_The records_
....

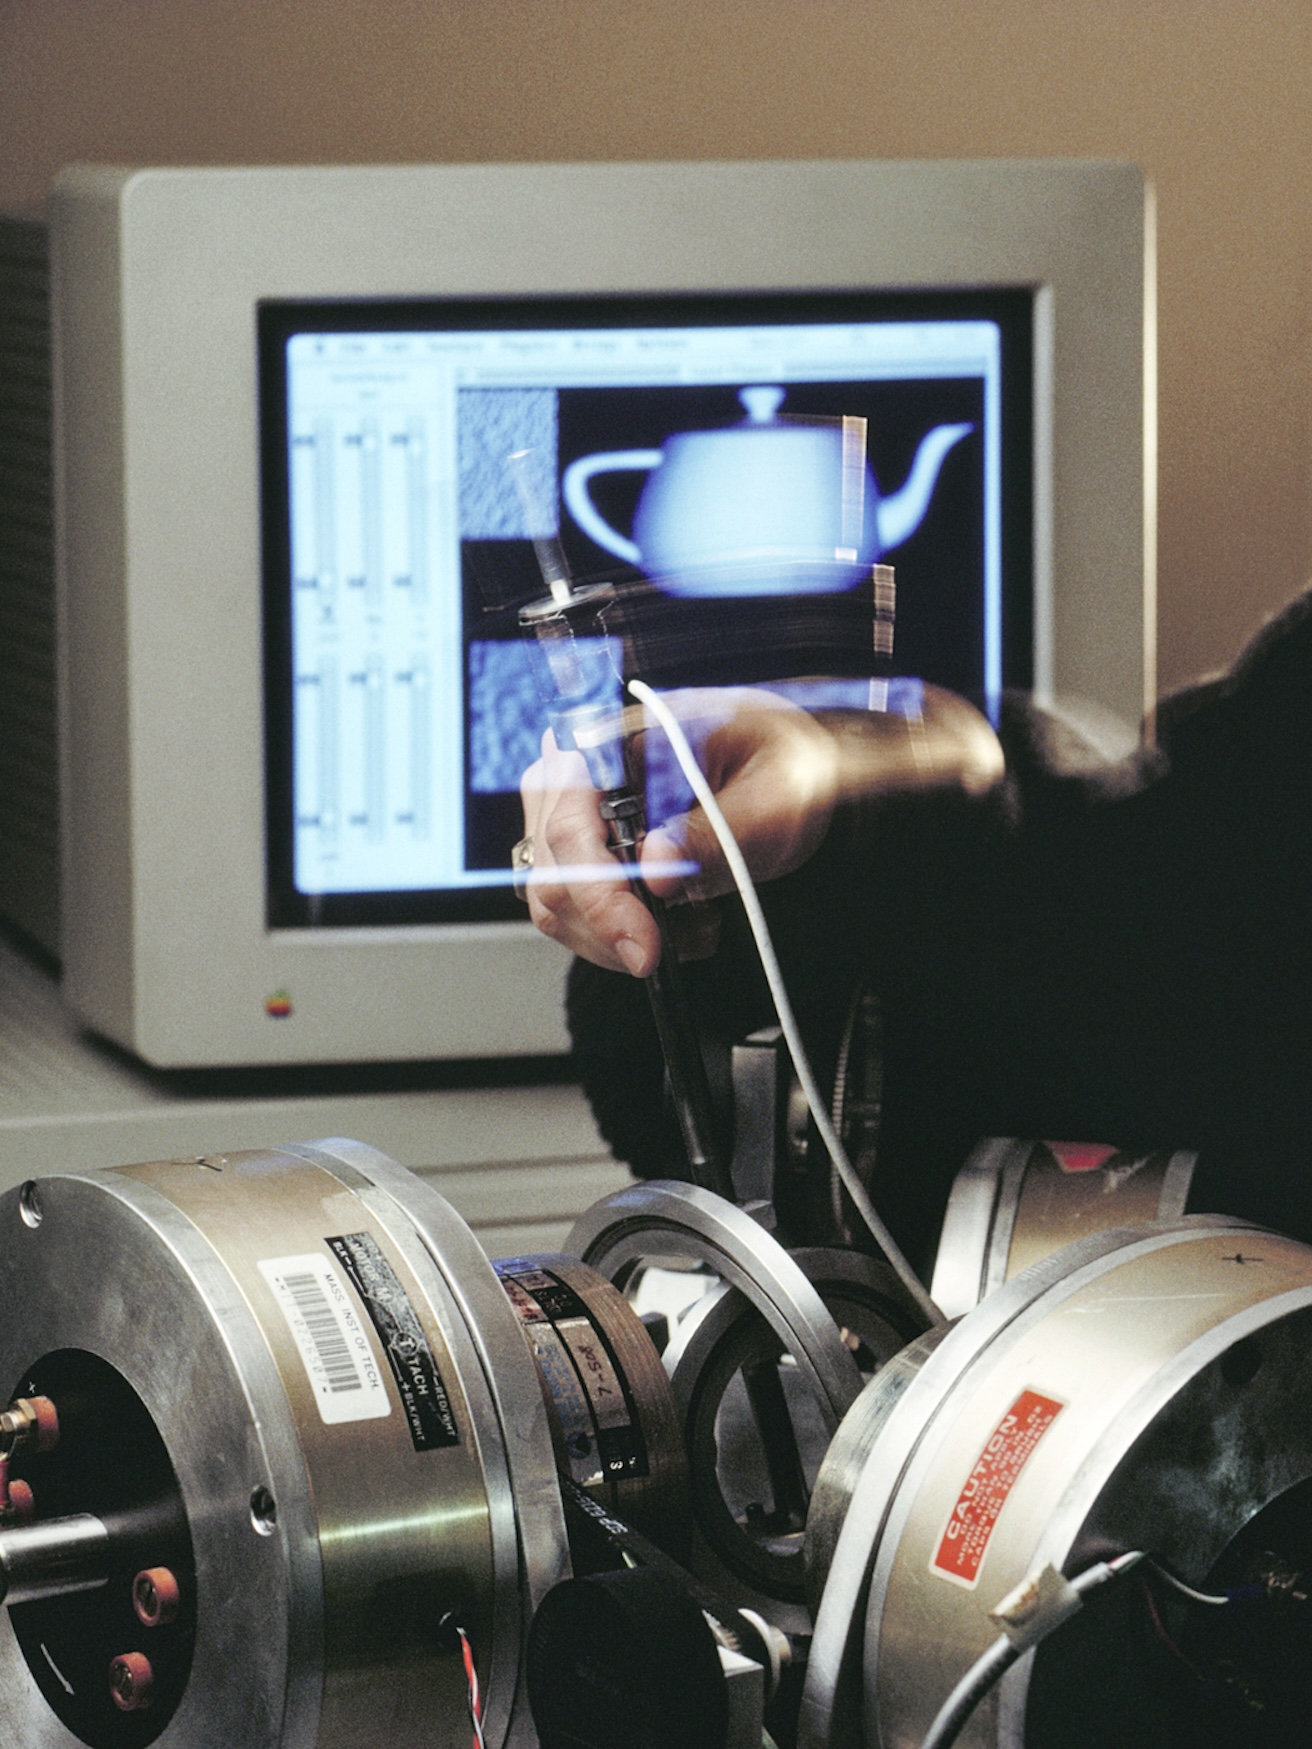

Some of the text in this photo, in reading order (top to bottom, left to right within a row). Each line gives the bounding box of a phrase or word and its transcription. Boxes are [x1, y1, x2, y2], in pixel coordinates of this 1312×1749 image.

[349, 1242, 380, 1284] MOTOR
[342, 1308, 360, 1332] INST
[355, 1337, 369, 1352] OF
[407, 1355, 429, 1396] TACH
[947, 1413, 1018, 1541] CAUTION
[971, 1478, 988, 1508] NOT
[990, 1427, 1017, 1471] APPLY
[956, 1522, 976, 1566] MORE
[976, 1475, 999, 1514] THAN
[967, 1496, 995, 1554] TORQUE
[995, 1470, 1010, 1488] TO

....

_Task instructions_
Could every line above be set down exactly, with the pictures omitted?

_Reply to the exercise_
Some of the text in this photo, in reading order (top to bottom, left to right within a row). Each line gives the bounding box of a phrase or word and its transcription. Boxes are [x1, y1, x2, y2], in pixel coordinates of this 1312×1749 image.

[349, 1242, 380, 1284] MOTOR
[342, 1308, 360, 1332] INST
[355, 1337, 369, 1352] OF
[407, 1355, 429, 1396] TACH
[947, 1413, 1018, 1541] CAUTION
[971, 1478, 988, 1508] NOT
[990, 1427, 1017, 1471] APPLY
[956, 1522, 976, 1566] MORE
[976, 1475, 999, 1514] THAN
[967, 1496, 995, 1554] TORQUE
[995, 1470, 1010, 1488] TO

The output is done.